┌──

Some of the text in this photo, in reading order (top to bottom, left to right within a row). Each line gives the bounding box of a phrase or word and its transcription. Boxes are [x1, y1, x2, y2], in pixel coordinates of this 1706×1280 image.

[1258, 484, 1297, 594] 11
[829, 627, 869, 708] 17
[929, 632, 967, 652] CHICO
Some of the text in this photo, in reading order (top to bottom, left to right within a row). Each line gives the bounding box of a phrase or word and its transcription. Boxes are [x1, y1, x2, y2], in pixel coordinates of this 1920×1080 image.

└──
┌──

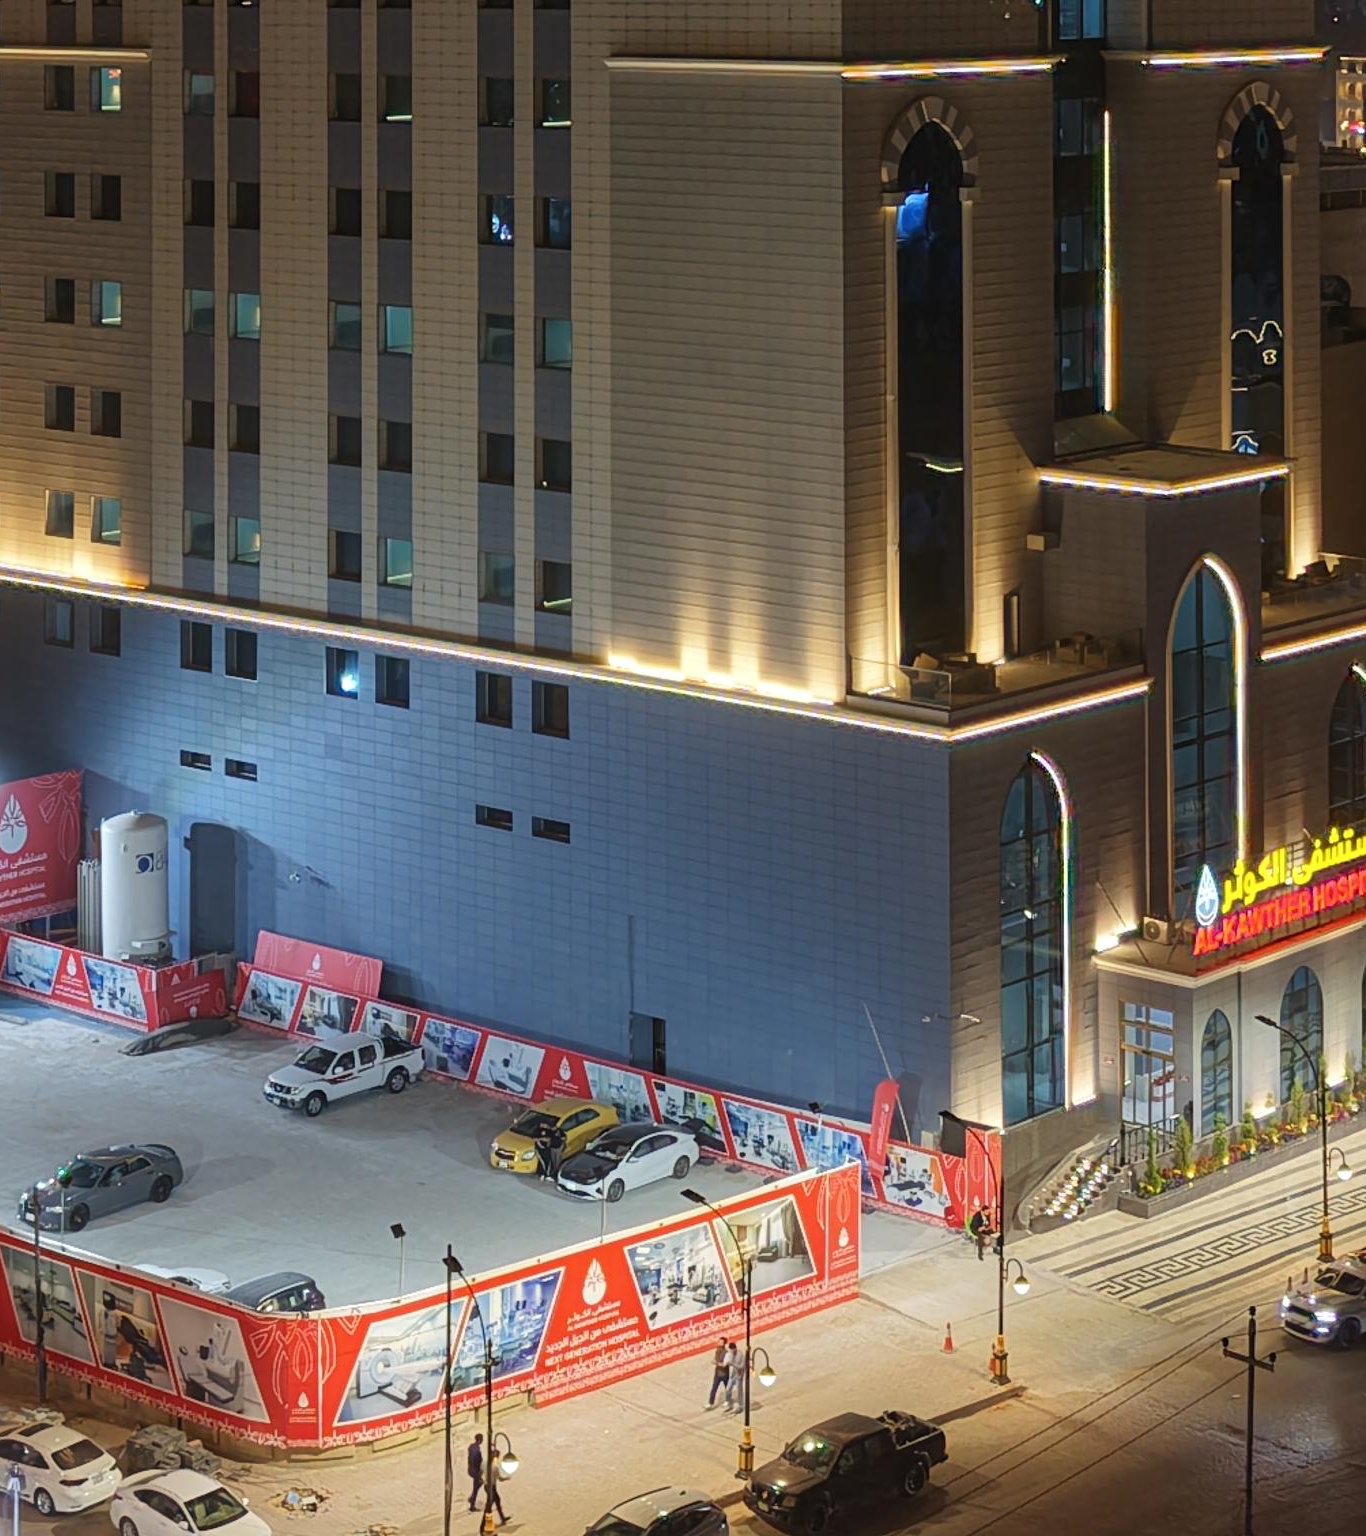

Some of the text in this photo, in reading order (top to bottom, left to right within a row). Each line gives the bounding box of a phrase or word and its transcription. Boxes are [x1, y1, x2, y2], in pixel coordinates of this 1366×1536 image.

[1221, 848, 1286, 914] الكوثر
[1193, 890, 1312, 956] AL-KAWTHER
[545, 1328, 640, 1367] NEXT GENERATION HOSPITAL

└──

**Your objective:**
Only one stretch of the entries above is wanted: the lines from the one containing "this 1706×1280 image." through the one containing "this 1920×1080 image.". Please reproduce it exactly.

**Answer for this exercise:**
Some of the text in this photo, in reading order (top to bottom, left to right within a row). Each line gives the bounding box of a phrase or word and its transcription. Boxes are [x1, y1, x2, y2], in pixel coordinates of this 1706×1280 image.

[1258, 484, 1297, 594] 11
[829, 627, 869, 708] 17
[929, 632, 967, 652] CHICO
Some of the text in this photo, in reading order (top to bottom, left to right within a row). Each line gives the bounding box of a phrase or word and its transcription. Boxes are [x1, y1, x2, y2], in pixel coordinates of this 1920×1080 image.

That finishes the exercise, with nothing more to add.